# Exercise prompt
For the data that follows, print the line with "this 1600×899 image.", the line with "this 973×1298 image.", and all lines between them, exactly as they stand. Omit pictures and add nothing.

^^^^

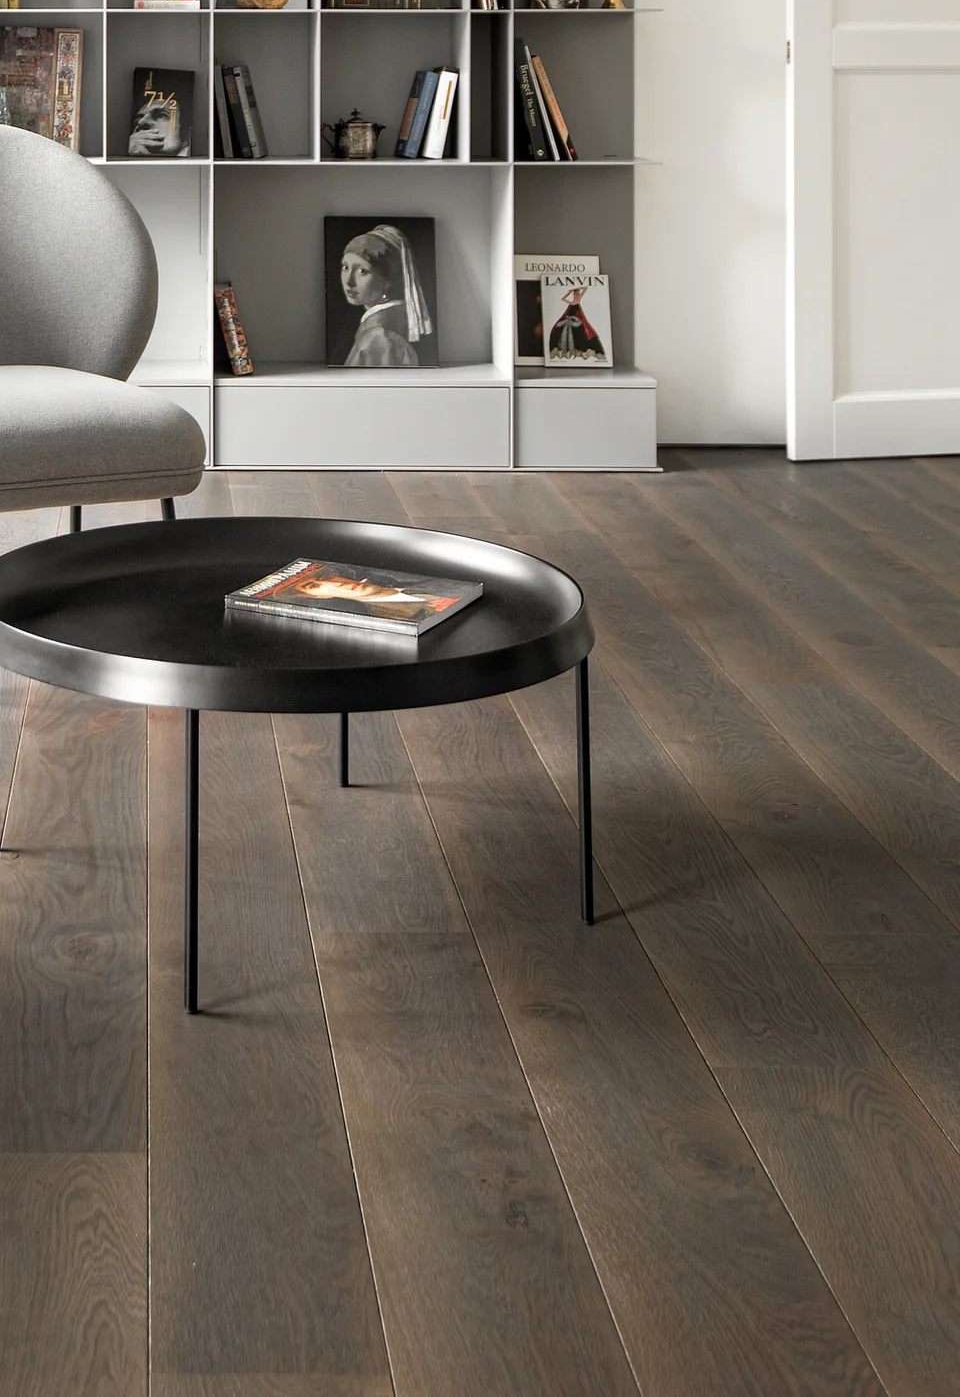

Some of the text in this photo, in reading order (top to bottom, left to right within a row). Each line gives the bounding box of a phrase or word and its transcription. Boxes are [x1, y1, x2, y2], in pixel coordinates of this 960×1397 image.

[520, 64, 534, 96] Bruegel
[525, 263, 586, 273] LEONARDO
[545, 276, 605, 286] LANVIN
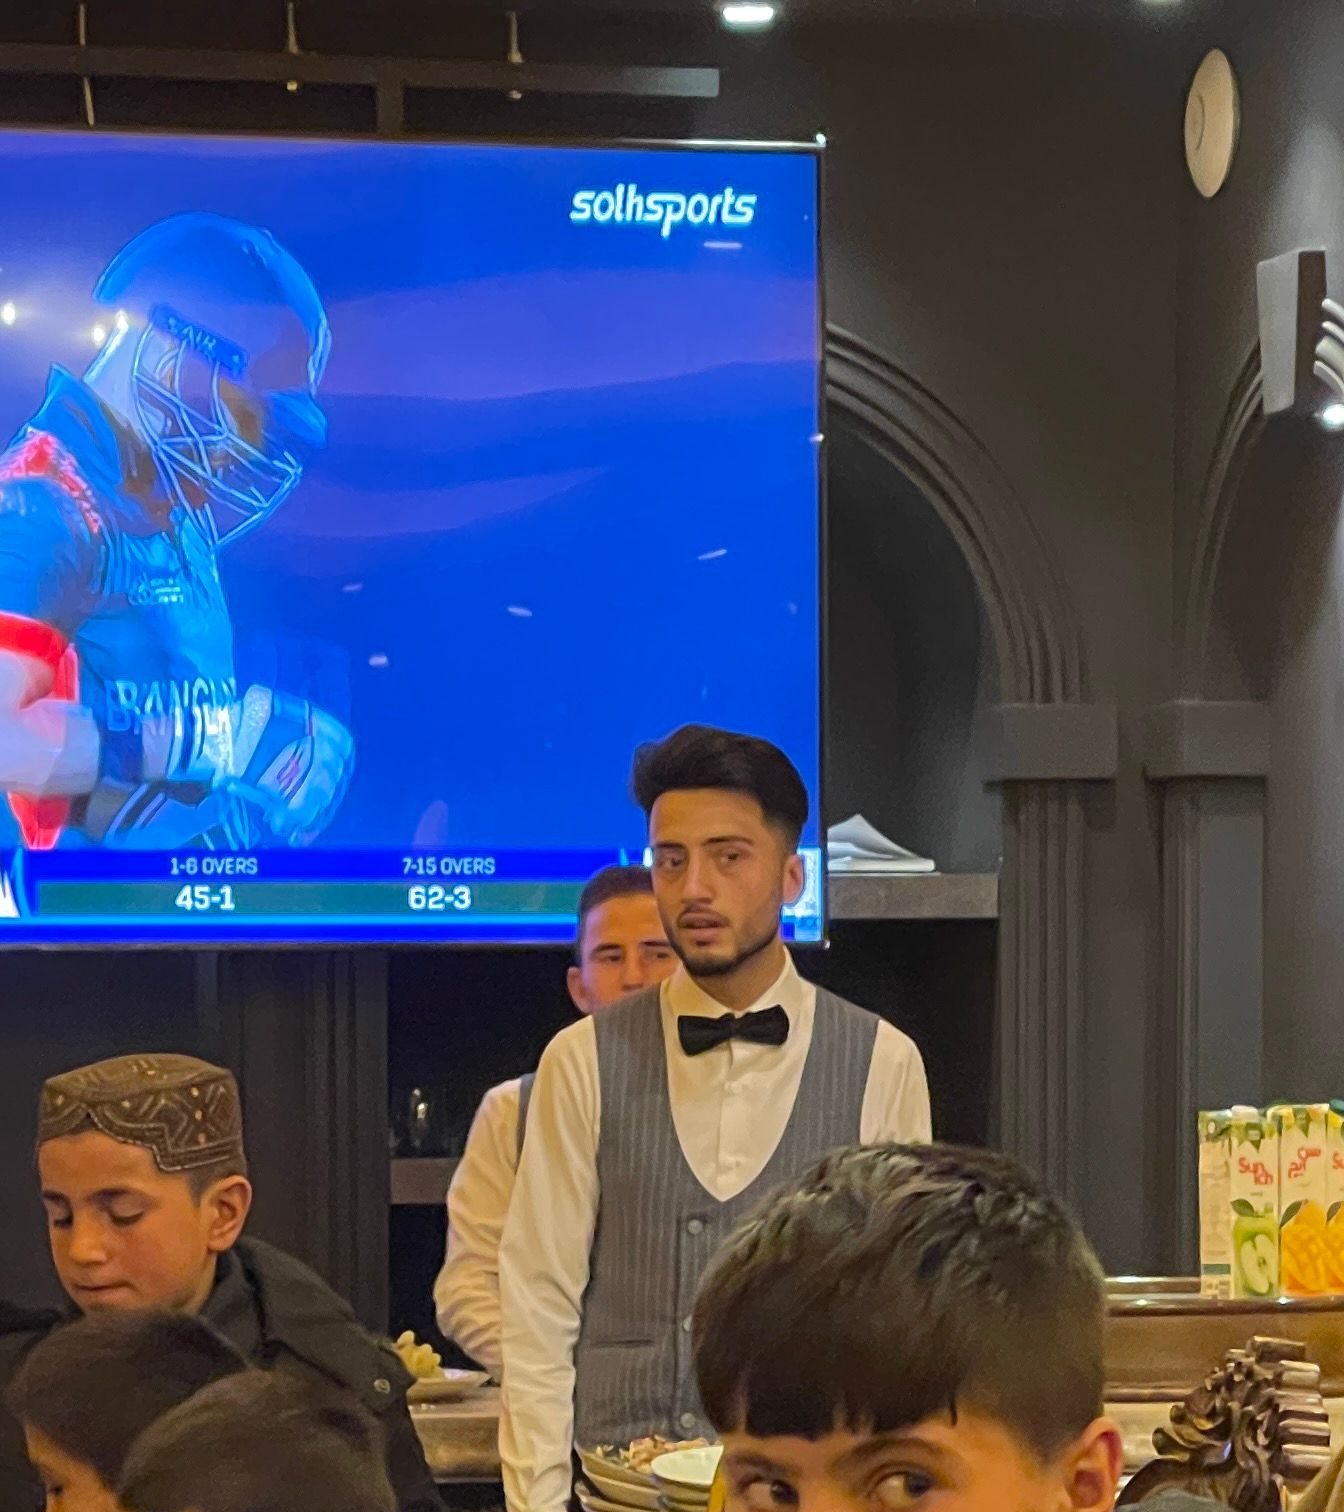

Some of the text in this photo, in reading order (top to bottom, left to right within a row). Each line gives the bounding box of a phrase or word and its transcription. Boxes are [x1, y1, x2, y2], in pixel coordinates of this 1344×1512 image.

^^^^

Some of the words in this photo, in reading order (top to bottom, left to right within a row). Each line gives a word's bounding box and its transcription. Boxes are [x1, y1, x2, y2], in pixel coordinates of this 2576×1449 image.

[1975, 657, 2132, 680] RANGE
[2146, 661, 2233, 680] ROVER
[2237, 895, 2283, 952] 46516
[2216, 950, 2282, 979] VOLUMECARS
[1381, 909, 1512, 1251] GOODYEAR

^^^^

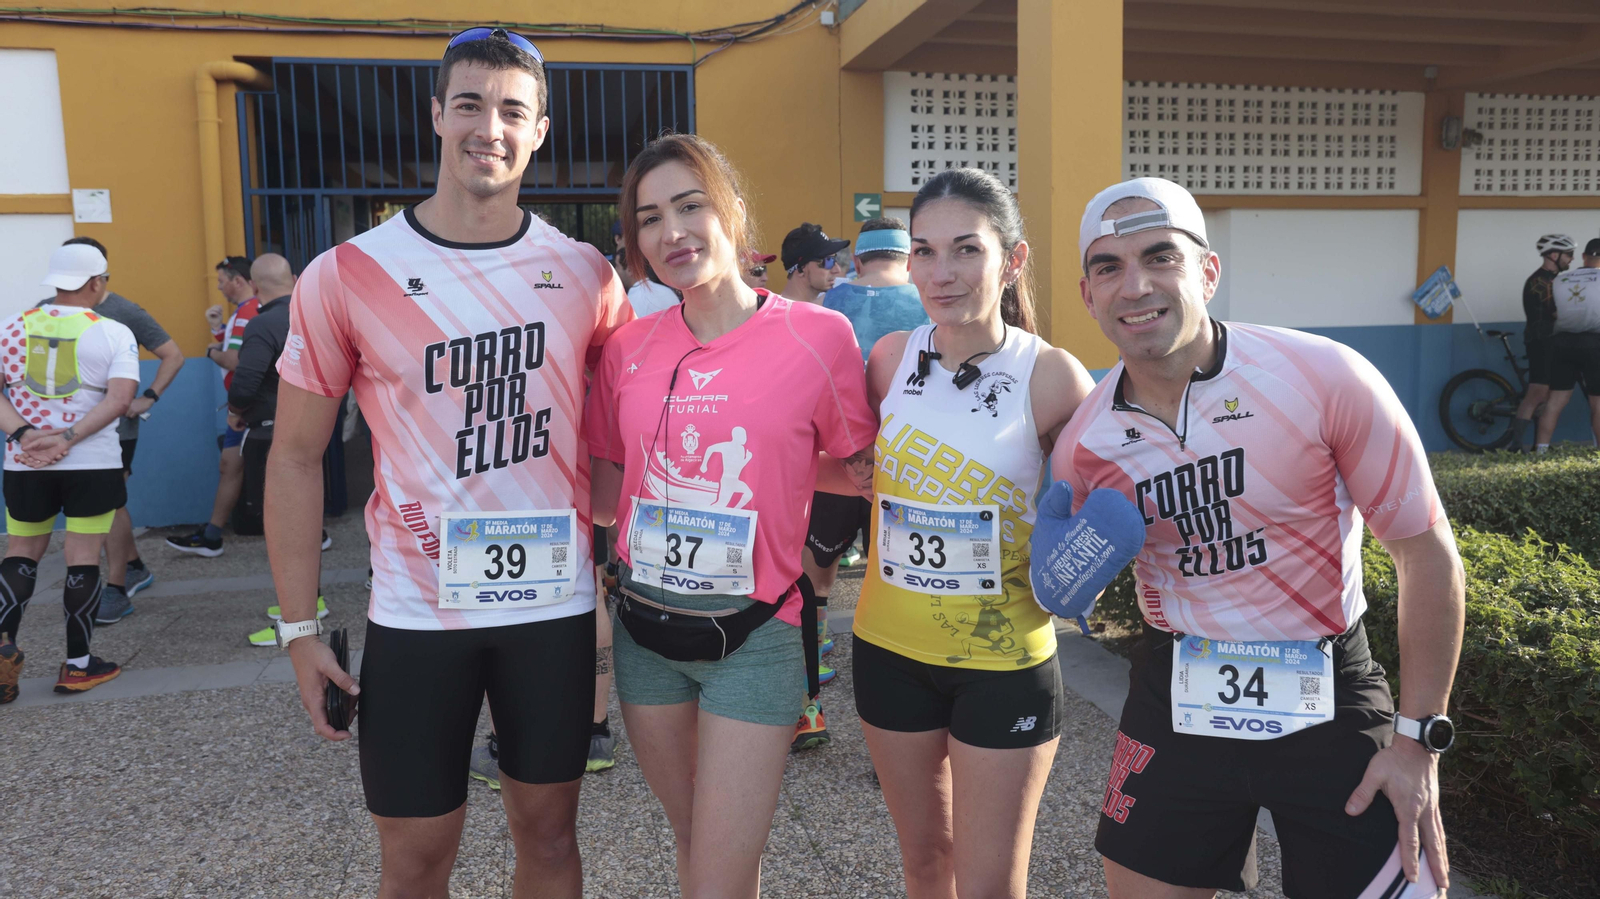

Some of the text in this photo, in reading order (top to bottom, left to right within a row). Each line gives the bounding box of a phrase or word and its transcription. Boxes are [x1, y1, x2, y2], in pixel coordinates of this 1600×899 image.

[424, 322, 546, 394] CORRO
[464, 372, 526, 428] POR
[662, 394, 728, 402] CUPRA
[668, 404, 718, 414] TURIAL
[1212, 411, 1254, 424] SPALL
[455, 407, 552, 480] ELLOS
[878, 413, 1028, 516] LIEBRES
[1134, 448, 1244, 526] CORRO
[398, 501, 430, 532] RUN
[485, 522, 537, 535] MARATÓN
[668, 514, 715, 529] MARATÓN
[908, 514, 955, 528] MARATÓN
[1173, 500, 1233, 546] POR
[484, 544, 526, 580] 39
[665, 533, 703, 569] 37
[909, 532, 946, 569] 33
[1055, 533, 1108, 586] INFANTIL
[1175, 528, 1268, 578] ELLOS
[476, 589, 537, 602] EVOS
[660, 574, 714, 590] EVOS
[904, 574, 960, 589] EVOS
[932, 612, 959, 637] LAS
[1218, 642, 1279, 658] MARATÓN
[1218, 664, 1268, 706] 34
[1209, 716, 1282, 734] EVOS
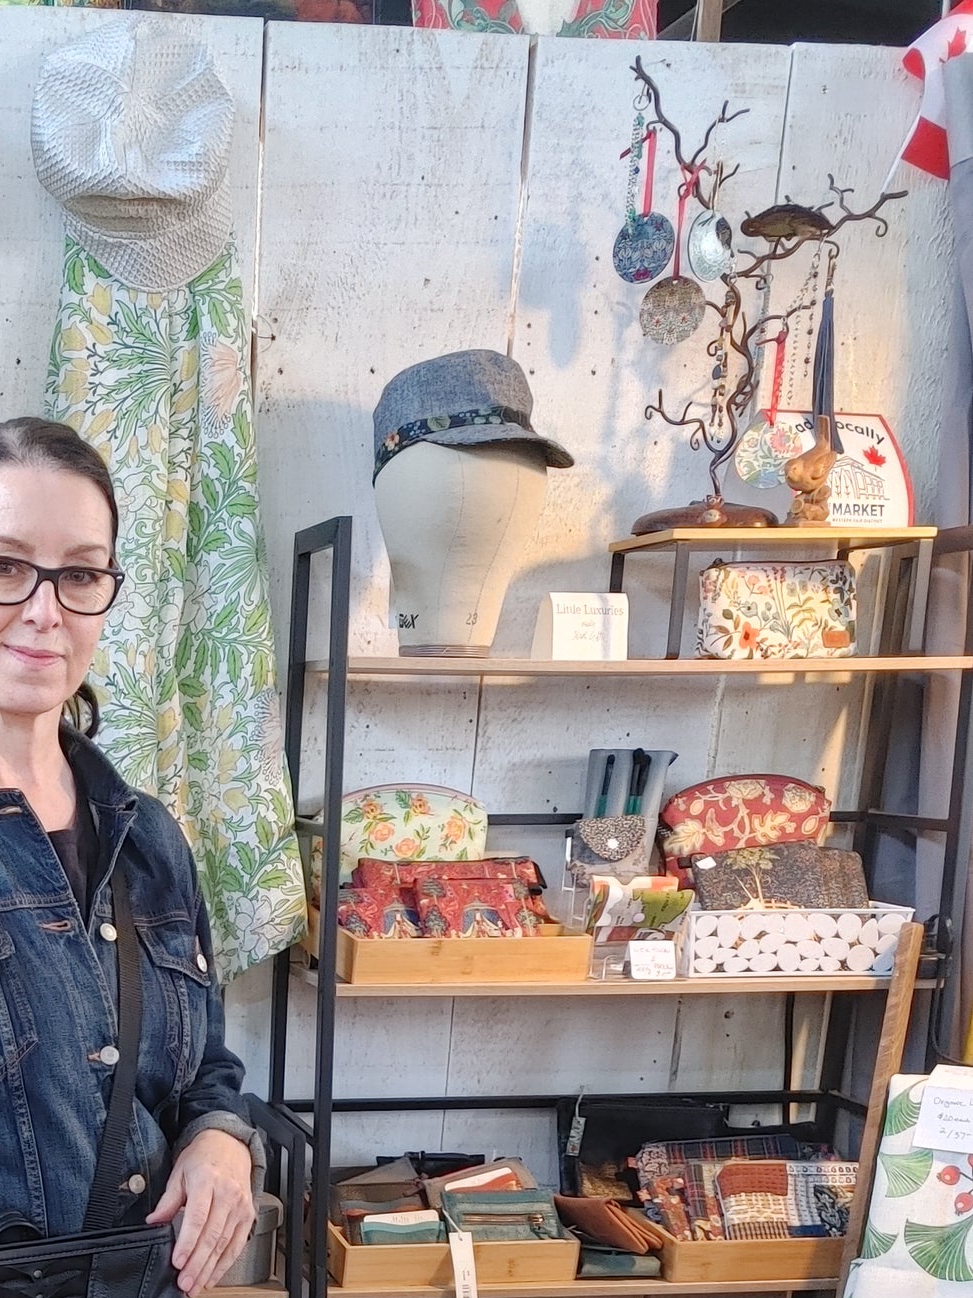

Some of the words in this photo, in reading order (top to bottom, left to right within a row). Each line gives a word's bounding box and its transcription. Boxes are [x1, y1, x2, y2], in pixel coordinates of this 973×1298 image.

^^^^

# Answer space
Some of the text in this photo, in reading order (top to bottom, left to right within a row). Each line gives the bounding box of a phrase or word and its transcription. Boxes are [x1, y1, x2, y2], in pixel coordinates of this 1600×899 image.

[424, 322, 546, 394] CORRO
[464, 372, 526, 428] POR
[662, 394, 728, 402] CUPRA
[668, 404, 718, 414] TURIAL
[1212, 411, 1254, 424] SPALL
[455, 407, 552, 480] ELLOS
[878, 413, 1028, 516] LIEBRES
[1134, 448, 1244, 526] CORRO
[398, 501, 430, 532] RUN
[485, 522, 537, 535] MARATÓN
[668, 514, 715, 529] MARATÓN
[908, 514, 955, 528] MARATÓN
[1173, 500, 1233, 546] POR
[484, 544, 526, 580] 39
[665, 533, 703, 569] 37
[909, 532, 946, 569] 33
[1055, 533, 1108, 586] INFANTIL
[1175, 528, 1268, 578] ELLOS
[476, 589, 537, 602] EVOS
[660, 574, 714, 590] EVOS
[904, 574, 960, 589] EVOS
[932, 612, 959, 637] LAS
[1218, 642, 1279, 658] MARATÓN
[1218, 664, 1268, 706] 34
[1209, 716, 1282, 734] EVOS

Some of the words in this photo, in reading order (top to bottom, left to right within a row). Each line gives a word's bounding box and its transcription. Boxes are [x1, y1, x2, y2], in pixel coordinates of this 973×1298 image.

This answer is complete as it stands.